#### DATA

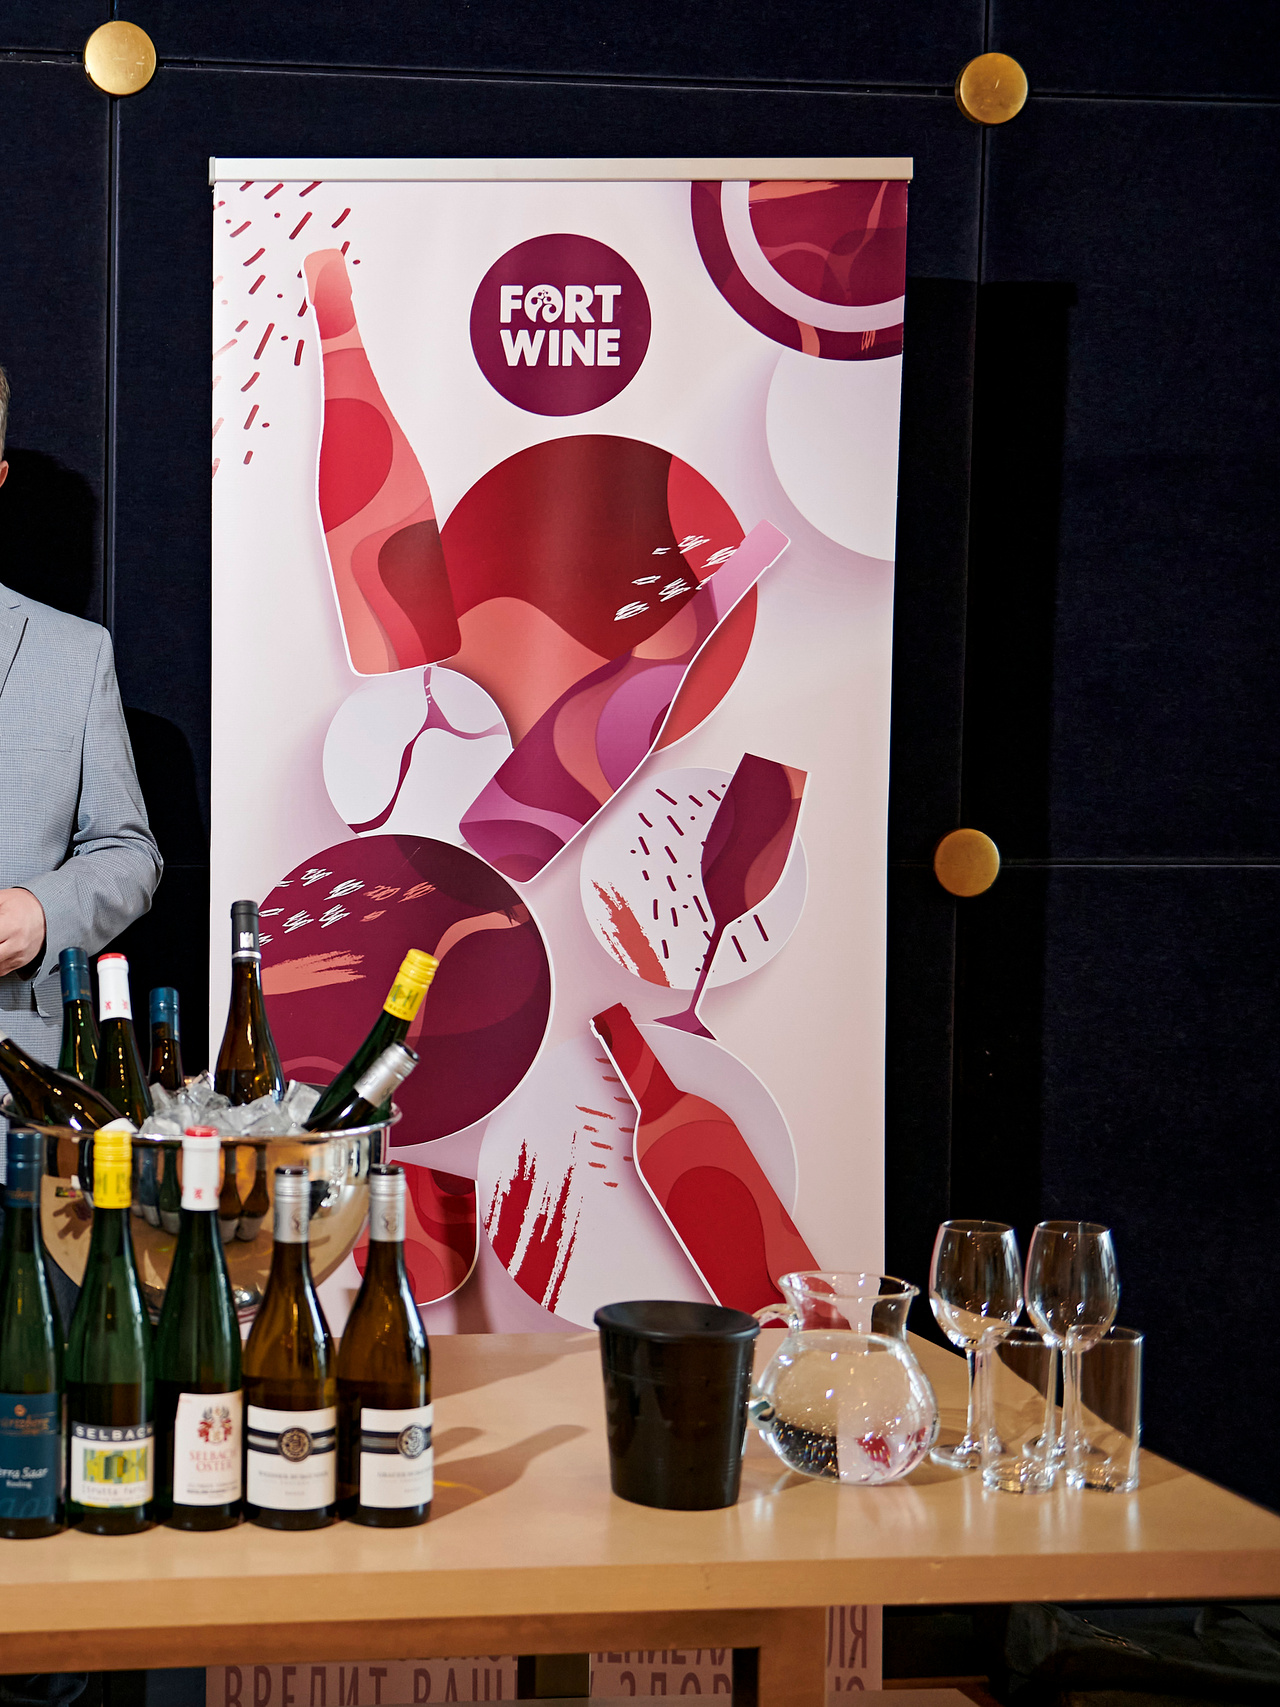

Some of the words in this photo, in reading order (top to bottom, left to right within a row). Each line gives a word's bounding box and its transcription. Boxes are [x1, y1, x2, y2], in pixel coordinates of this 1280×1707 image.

[499, 284, 622, 324] FORT
[499, 329, 621, 367] WINE
[21, 1466, 49, 1479] Saar
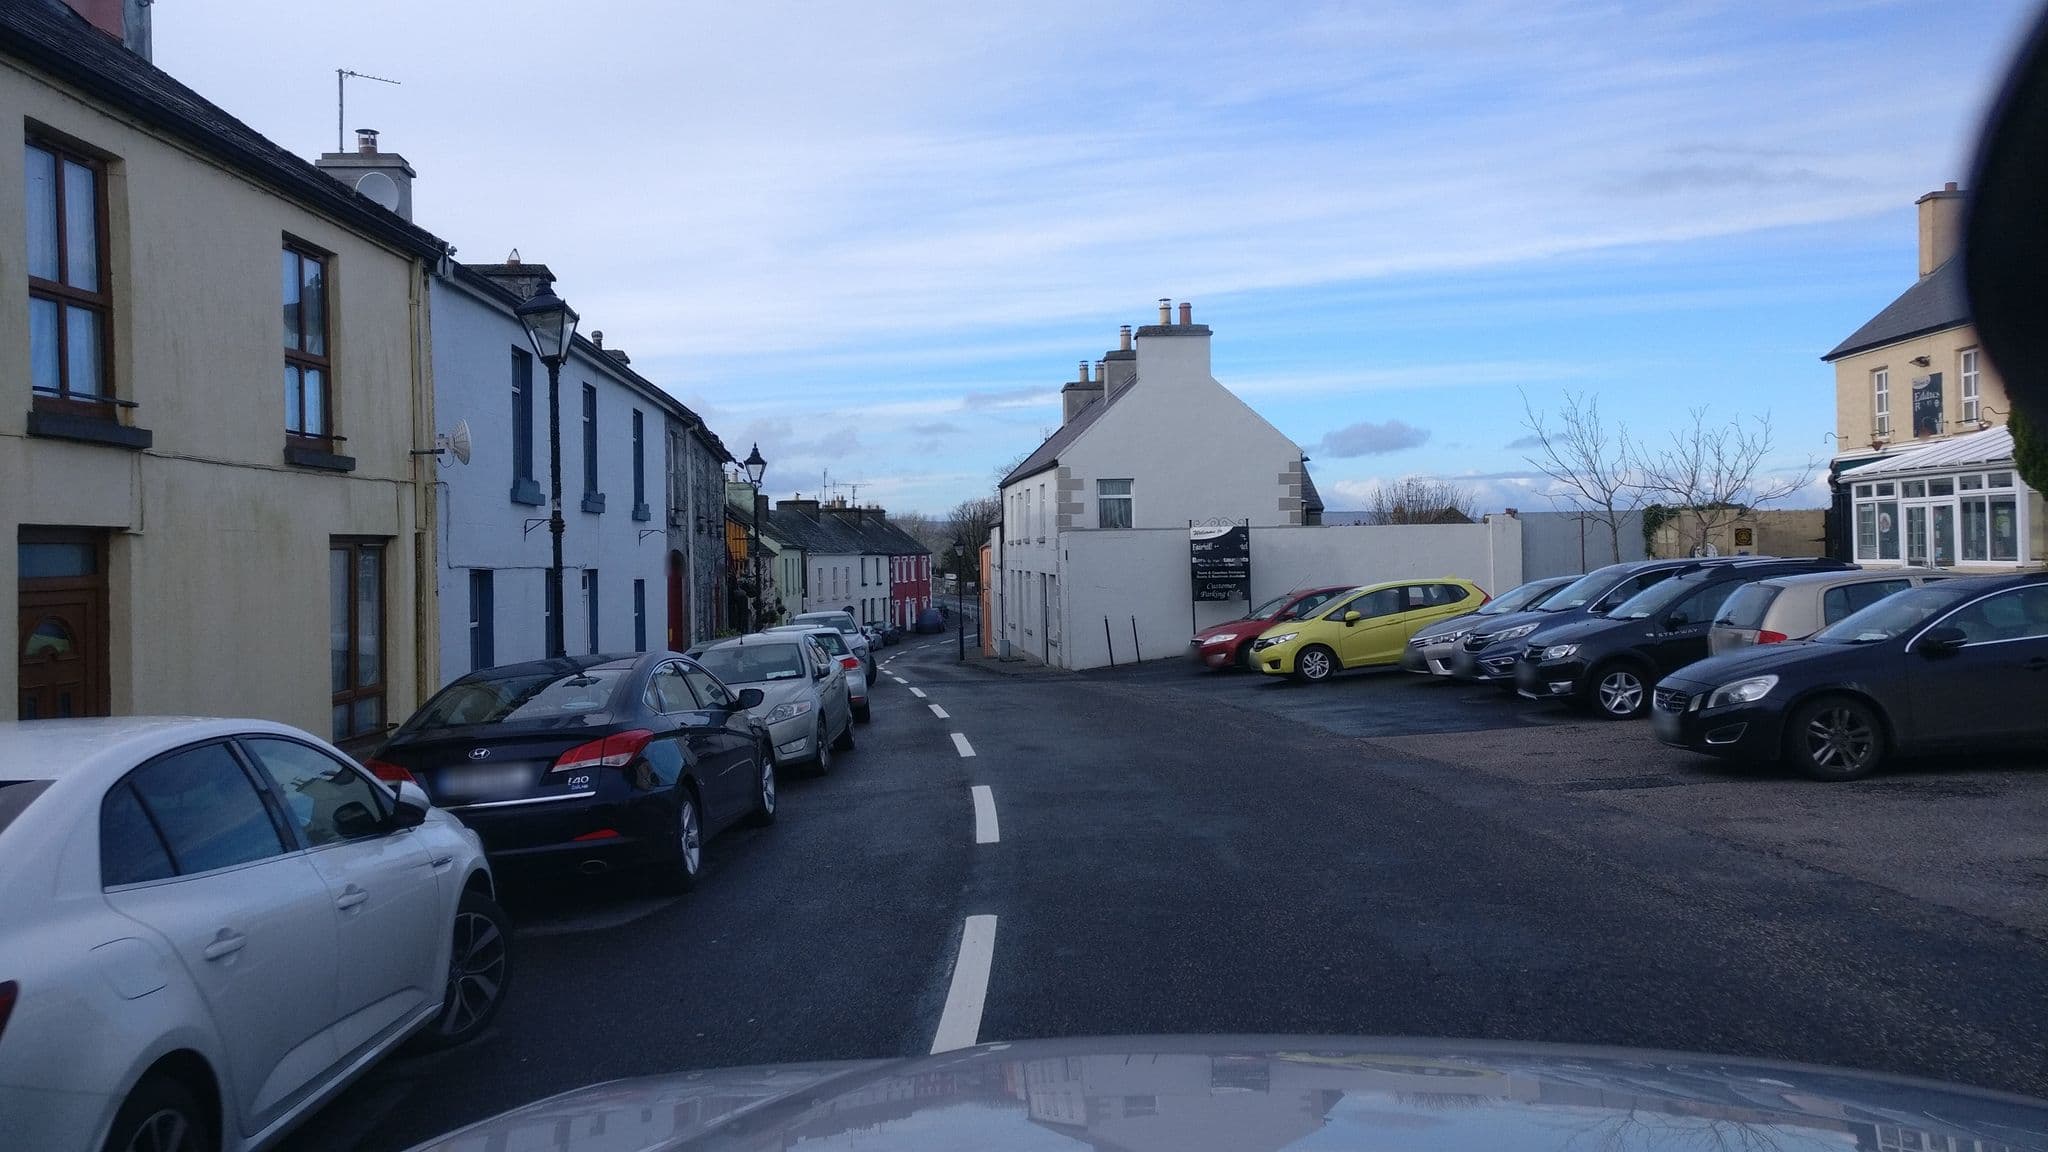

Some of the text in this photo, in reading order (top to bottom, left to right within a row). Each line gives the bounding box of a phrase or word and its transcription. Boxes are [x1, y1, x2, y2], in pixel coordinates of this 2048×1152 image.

[1206, 582, 1237, 590] Customer
[1200, 589, 1243, 599] Parking Oly
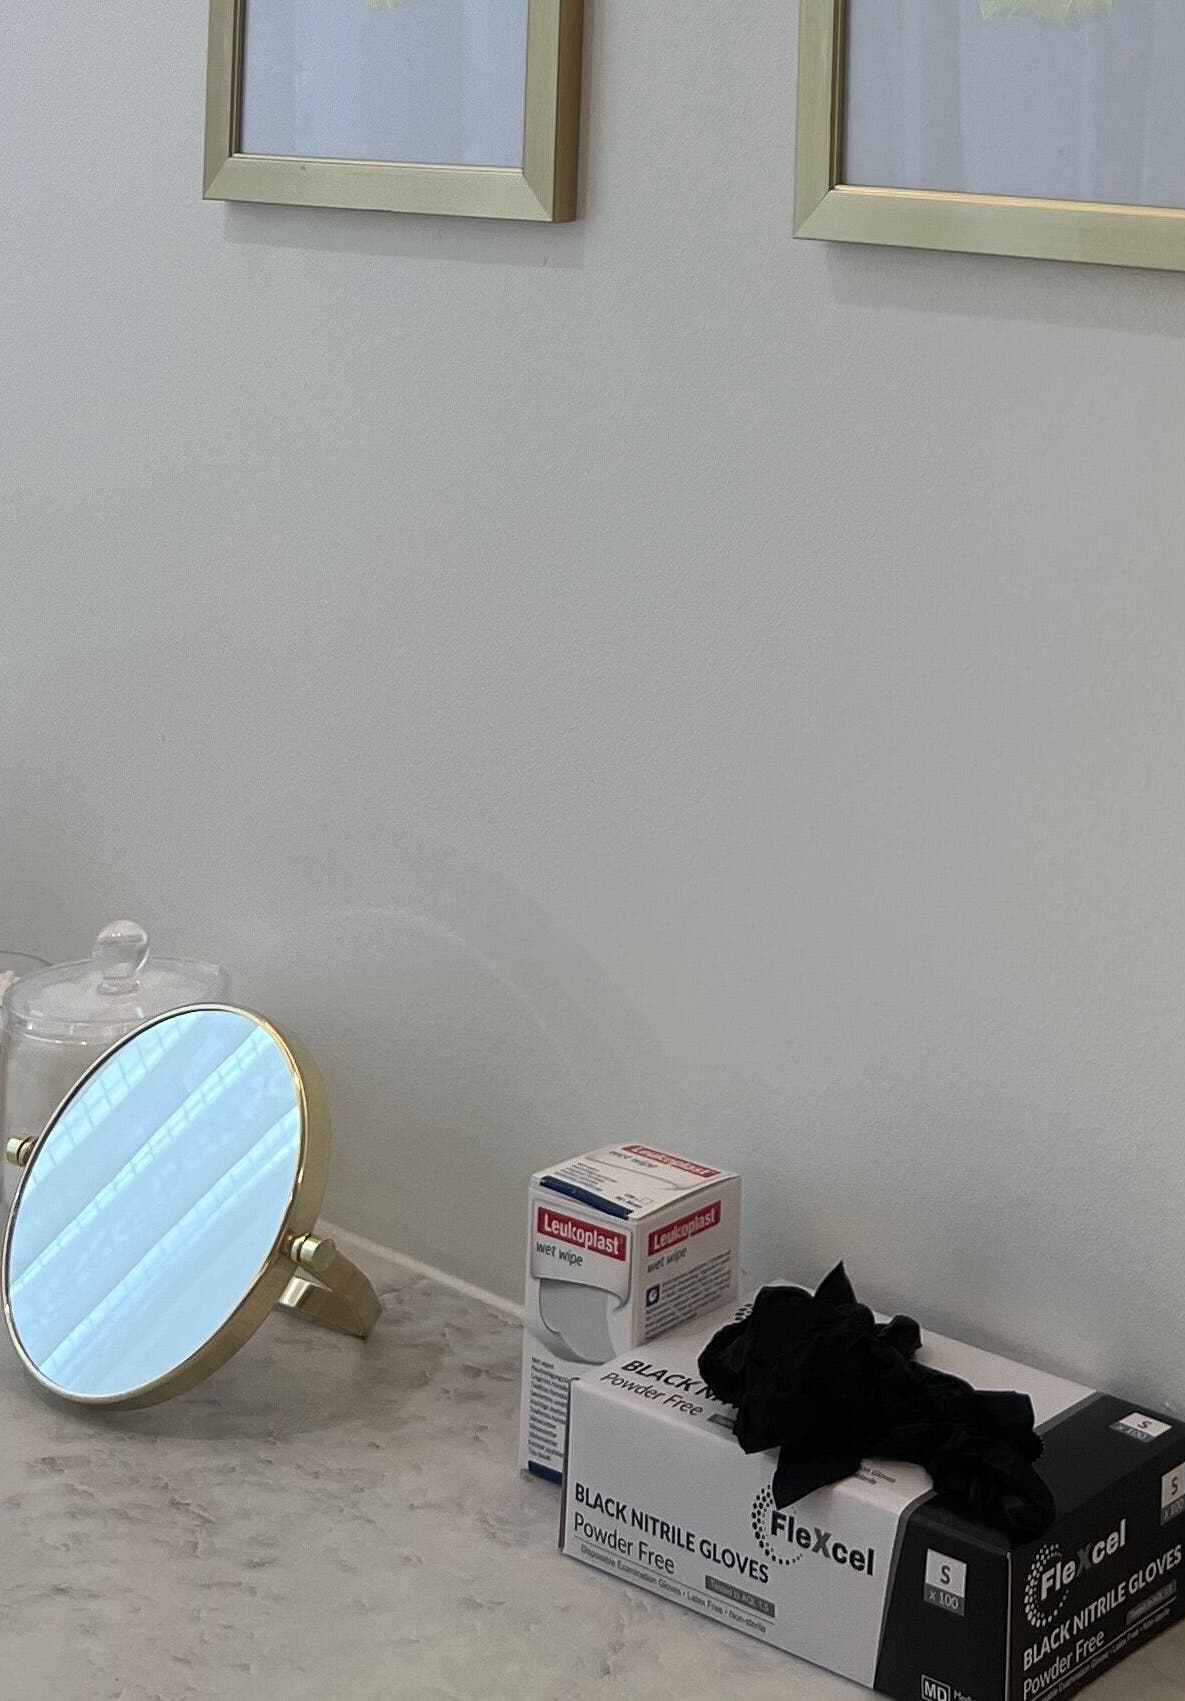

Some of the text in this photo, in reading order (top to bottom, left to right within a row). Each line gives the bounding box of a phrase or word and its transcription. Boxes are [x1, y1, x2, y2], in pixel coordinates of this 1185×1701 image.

[543, 1212, 619, 1255] Leukoplast
[653, 1207, 716, 1251] Leukoplast
[536, 1242, 584, 1267] wet wipe
[600, 1372, 666, 1400] Powder
[663, 1394, 704, 1416] Free
[621, 1360, 702, 1391] BLACK
[1136, 1420, 1153, 1430] S
[1170, 1476, 1179, 1496] S
[574, 1511, 675, 1575] Powder Free
[575, 1482, 769, 1583] BLACK NITRILE GLOVES
[770, 1510, 875, 1576] FleXcel
[940, 1564, 951, 1585] S
[939, 1592, 959, 1609] 100
[1023, 1618, 1071, 1671] BLACK
[1073, 1581, 1127, 1636] NITRILE
[1127, 1545, 1182, 1594] GLOVES
[1023, 1630, 1105, 1701] Powder Free
[924, 1680, 948, 1701] MD
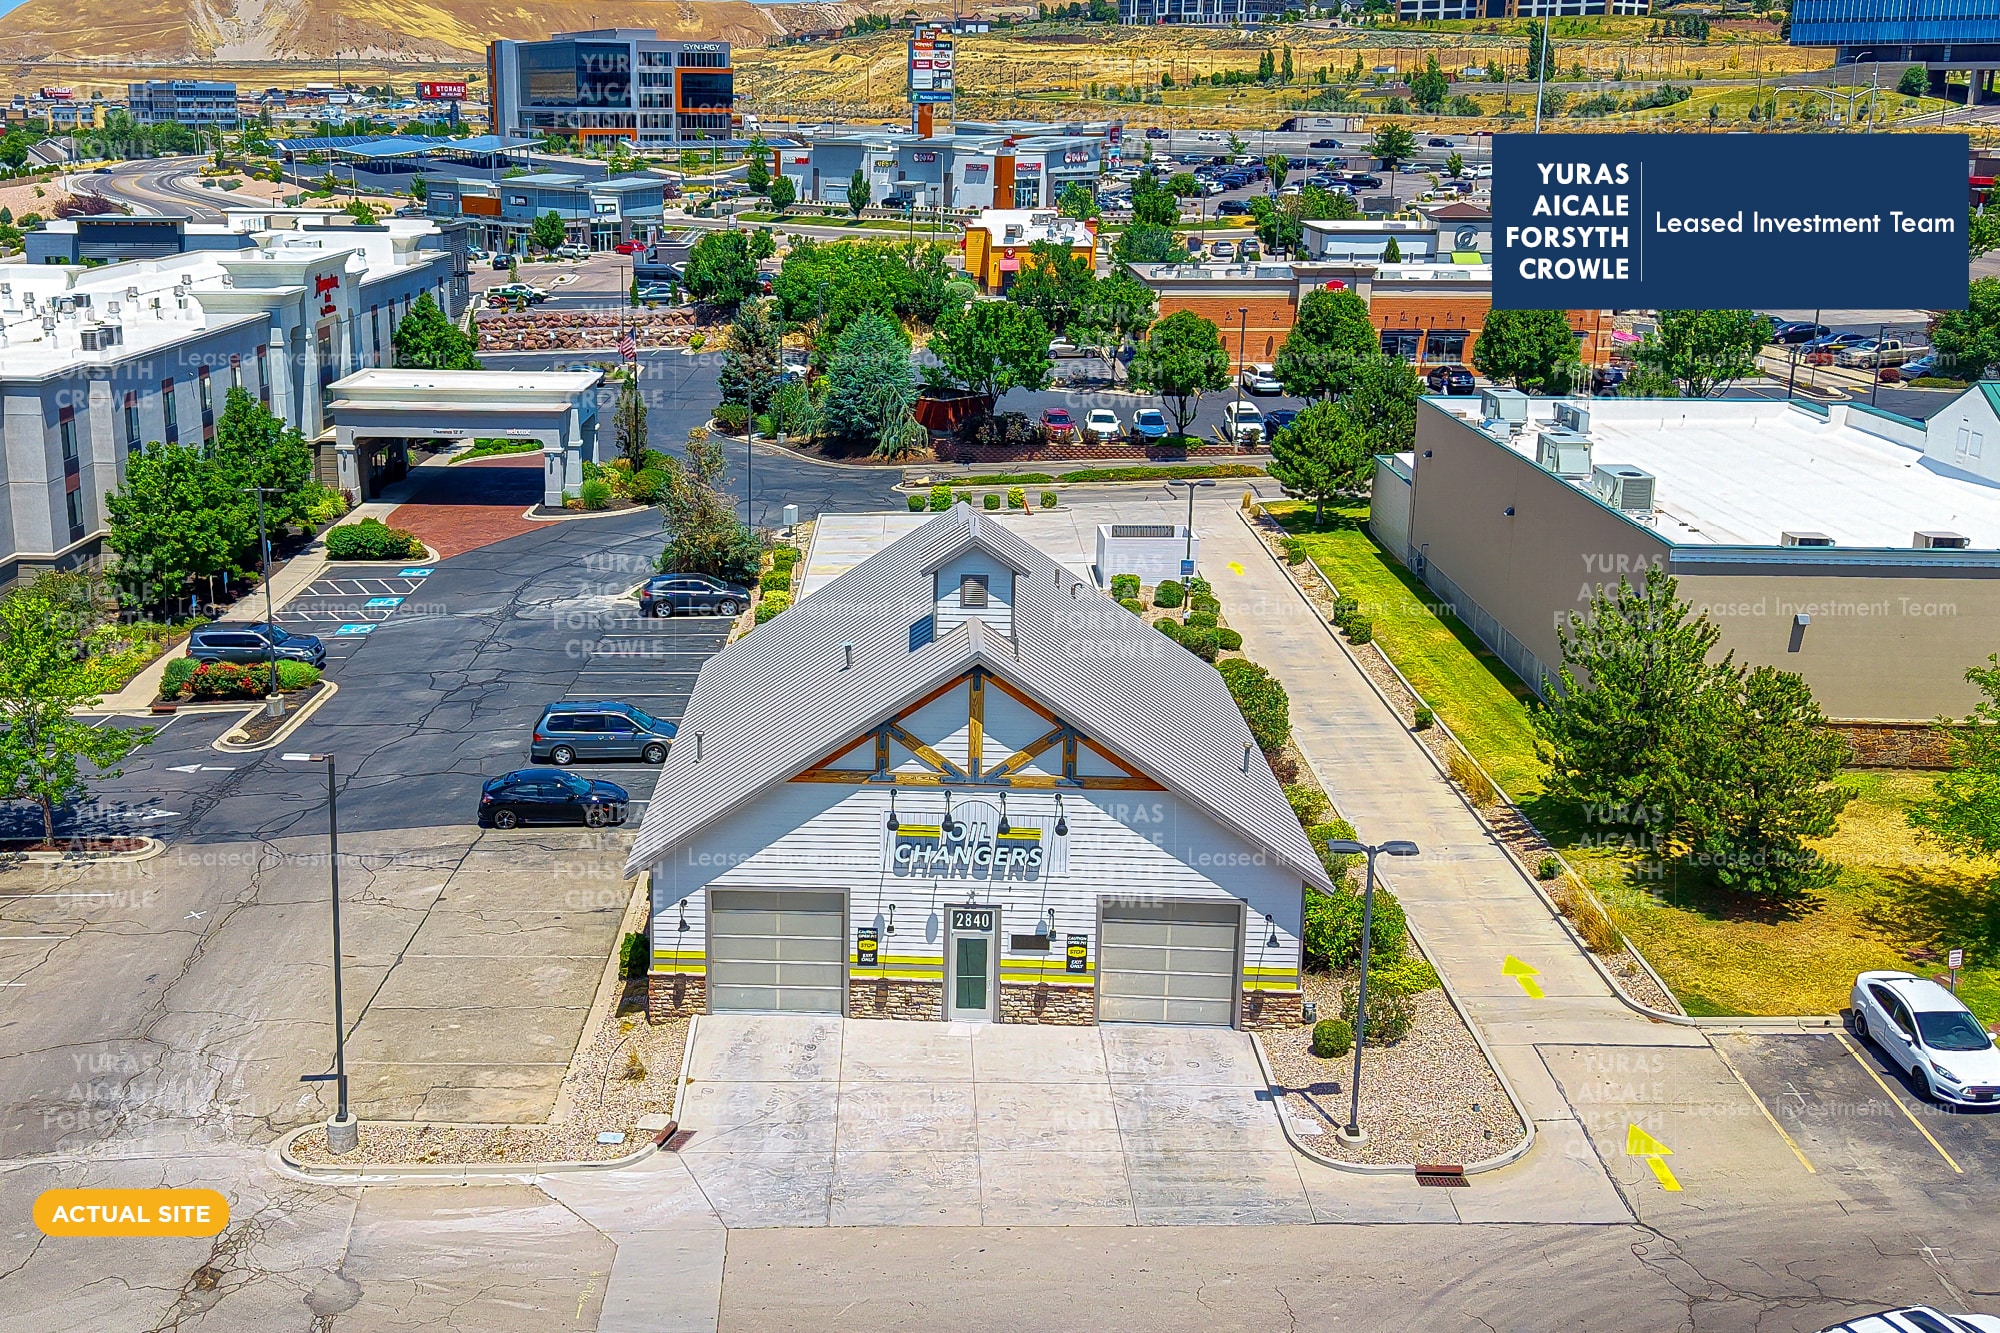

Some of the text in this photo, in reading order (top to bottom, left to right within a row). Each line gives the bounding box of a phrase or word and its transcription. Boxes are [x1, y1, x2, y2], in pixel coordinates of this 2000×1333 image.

########

**WHAT YOU HAVE TO DO:** The records above must be output exactly, except for the pictures.

**ANSWER SECTION:**
Some of the words in this photo, in reading order (top to bottom, left to right within a row). Each line gives a word's bounding box and its transcription. Boxes are [x1, y1, x2, y2], in pixel coordinates of this 1280×1707 image.

[499, 284, 622, 324] FORT
[499, 329, 621, 367] WINE
[21, 1466, 49, 1479] Saar

Some of the text in this photo, in reading order (top to bottom, left to right within a row). Each line gives the bounding box of a phrase or word and its transcription. Boxes are [x1, y1, x2, y2], in pixel coordinates of this 2048×1152 image.

[1206, 582, 1237, 590] Customer
[1200, 589, 1243, 599] Parking Oly

Some of the text in this photo, in reading order (top to bottom, left to right within a row). Each line gives the bounding box of a phrase or word and its transcription. Boxes are [x1, y1, x2, y2], in pixel coordinates of this 1185×1701 image.

[543, 1212, 619, 1255] Leukoplast
[653, 1207, 716, 1251] Leukoplast
[536, 1242, 584, 1267] wet wipe
[600, 1372, 666, 1400] Powder
[663, 1394, 704, 1416] Free
[621, 1360, 702, 1391] BLACK
[1136, 1420, 1153, 1430] S
[1170, 1476, 1179, 1496] S
[574, 1511, 675, 1575] Powder Free
[575, 1482, 769, 1583] BLACK NITRILE GLOVES
[770, 1510, 875, 1576] FleXcel
[940, 1564, 951, 1585] S
[939, 1592, 959, 1609] 100
[1023, 1618, 1071, 1671] BLACK
[1073, 1581, 1127, 1636] NITRILE
[1127, 1545, 1182, 1594] GLOVES
[1023, 1630, 1105, 1701] Powder Free
[924, 1680, 948, 1701] MD

Some of the text in this photo, in reading order (top to bottom, left to right within a row). Each line gives the bounding box of a phrase or word and its transcription. Boxes are [x1, y1, x2, y2], in pixel coordinates of this 2000×1333 image.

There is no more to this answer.